GeneMark is a generic name for a family of ab initio gene prediction programs developed at the Georgia Institute of Technology in Atlanta. It was developed in 1993 but original GeneMark was used in 1995 as a primary gene prediction tool for annotation of the first completely sequenced bacterial genome of Haemophilus influenzae, and in 1996 for the first archaeal genome of Methanococcus jannaschii. The algorithm introduced in homogeneous three-periodic Markov chain models of protein-coding DNA sequence that became standard in gene prediction as well as Bayesian approach to gene prediction in two DNA strands simultaneously. GeneMark can be used for whole genome analysis as well as for the local analysis of a particular gene and its surrounding regions.
The task of gene identification frequently challenges researchers working with both novel and well studied genomes can be easily and reliably solved with the help of the GeneMark web software. The website provides interfaces to the GeneMark family of programs designed and tuned for gene prediction in prokaryotic, eukaryotic and viral genomic sequences.
The programs of the GeneMark family are ab initio gene finders. Such programs are the only means to identify genes with no homologues in current databases. The GeneMark web software includes two major programs, called GeneMark and GeneMark.hmm. Both programs apply inhomogeneous (three-periodic) Markov chain models describing protein-coding DNA and homogeneous Markov chain models describing non-coding DNA. GeneMark uses a Bayesian formula to calculate posterior probability of the presence of the genetic code (in at least one of six possible frames) in a short DNA sequence fragment, thus being a local approach.
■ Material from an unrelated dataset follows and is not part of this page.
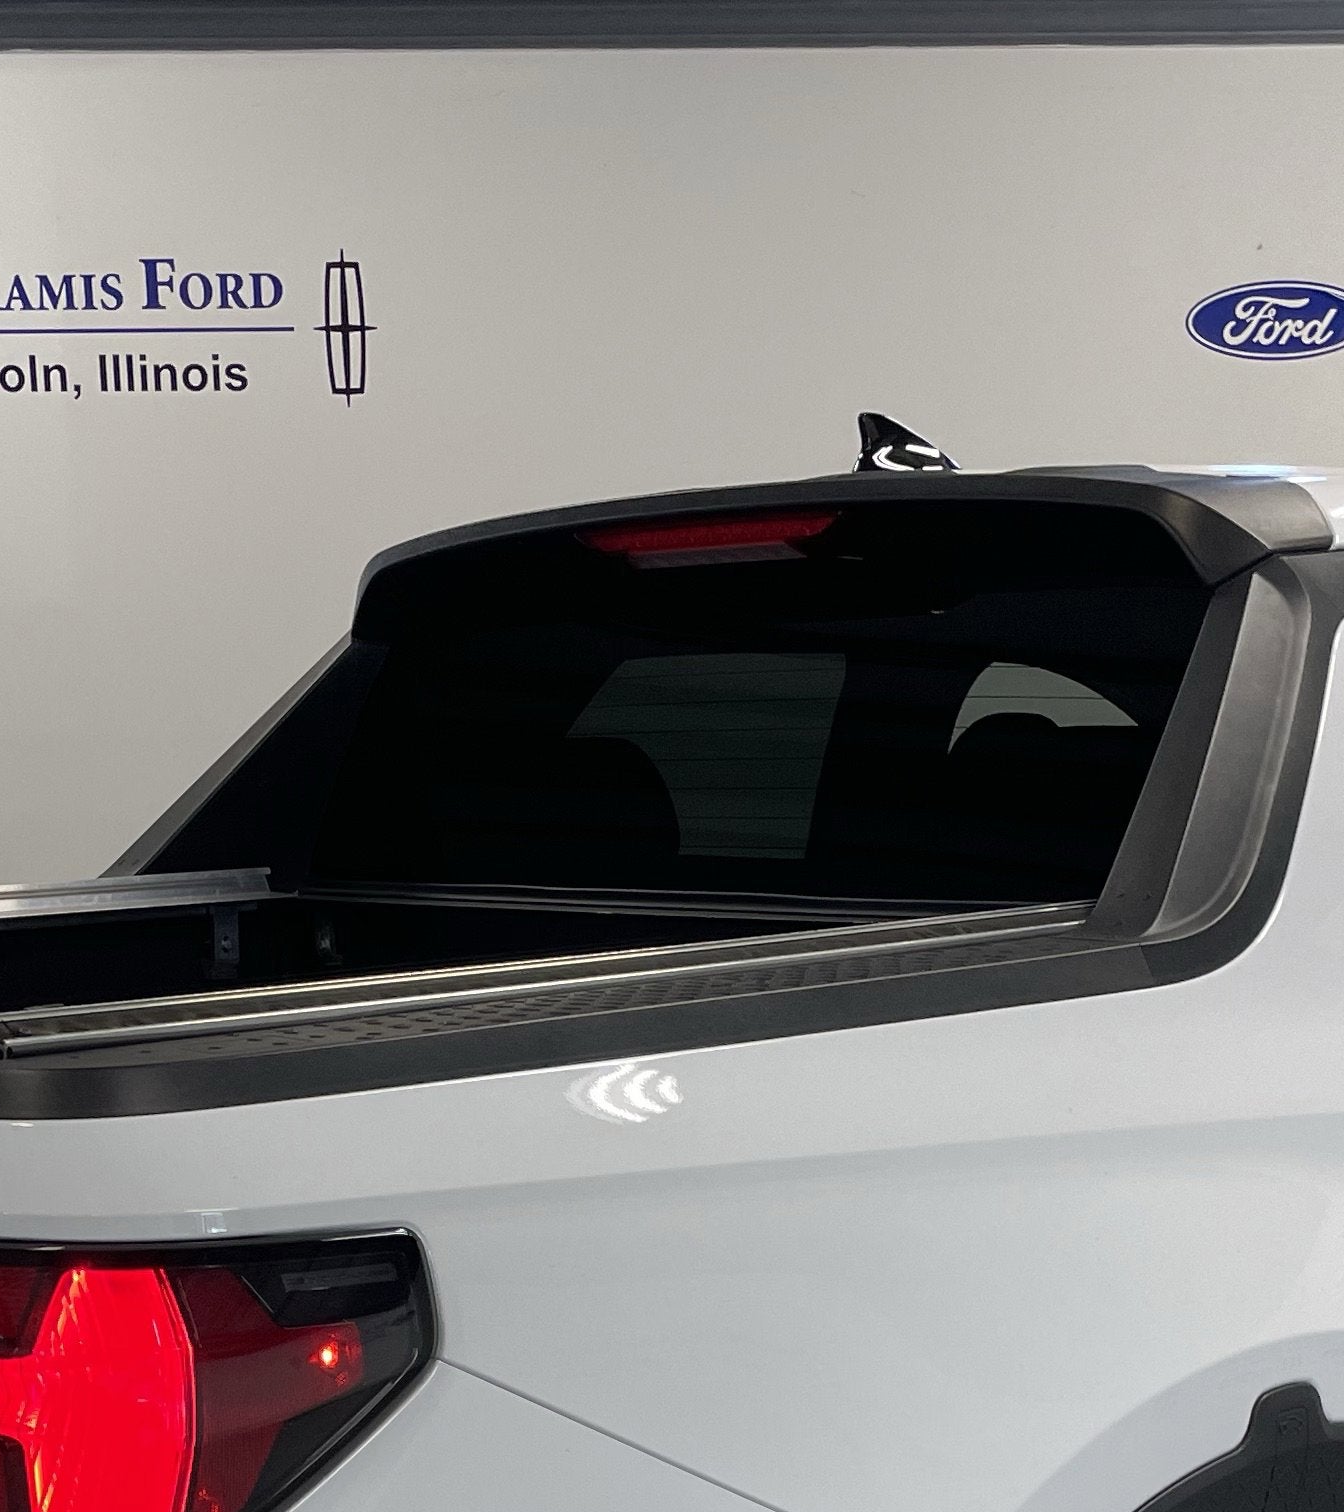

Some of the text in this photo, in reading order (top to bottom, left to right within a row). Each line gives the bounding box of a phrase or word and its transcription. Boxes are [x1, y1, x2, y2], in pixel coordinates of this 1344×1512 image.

For the GeneMark program, there are several specific options. The window size and step size parameters (96 nt and 12 nt, respectively, by default) define the size of the sliding window and how far this window is moved along the sequence in one step. The threshold parameter determines the minimal average coding potential for an open reading frame (ORF) to be predicted as a gene. There are several options which allow fine-tuning of the GeneMark graphical output. In addition, there are options supporting the analysis of eukaryotic DNA sequences by GeneMark including the ability to provide lists of putative splice sites and protein translations of predicted exons.
The output of the GeneMark program consists of a list of ORFs predicted as genes, such as those with average coding potential above the selected threshold. Although each predicted gene can have more than one potential start, additional data is provided to help the researcher annotate one of the alternatives as the ‘true’ one. The start probability (abbreviated ‘Start Prob’) is derived from the sequences in the windows immediately upstream and downstream of each potential start. In addition to the list of predicted genes, GeneMark provides a list of ‘regions of interest’, spans of significant length between in-frame stop codons where spikes of coding potential are wide enough and may warrant further analysis even if no genes are predicted therein based on automatic comparison with the threshold.
Future directions for GeneMark web software development include detection of several genomic elements that are currently not predicted by either GeneMark or GeneMark.hmm, such as rRNA and tRNA genes.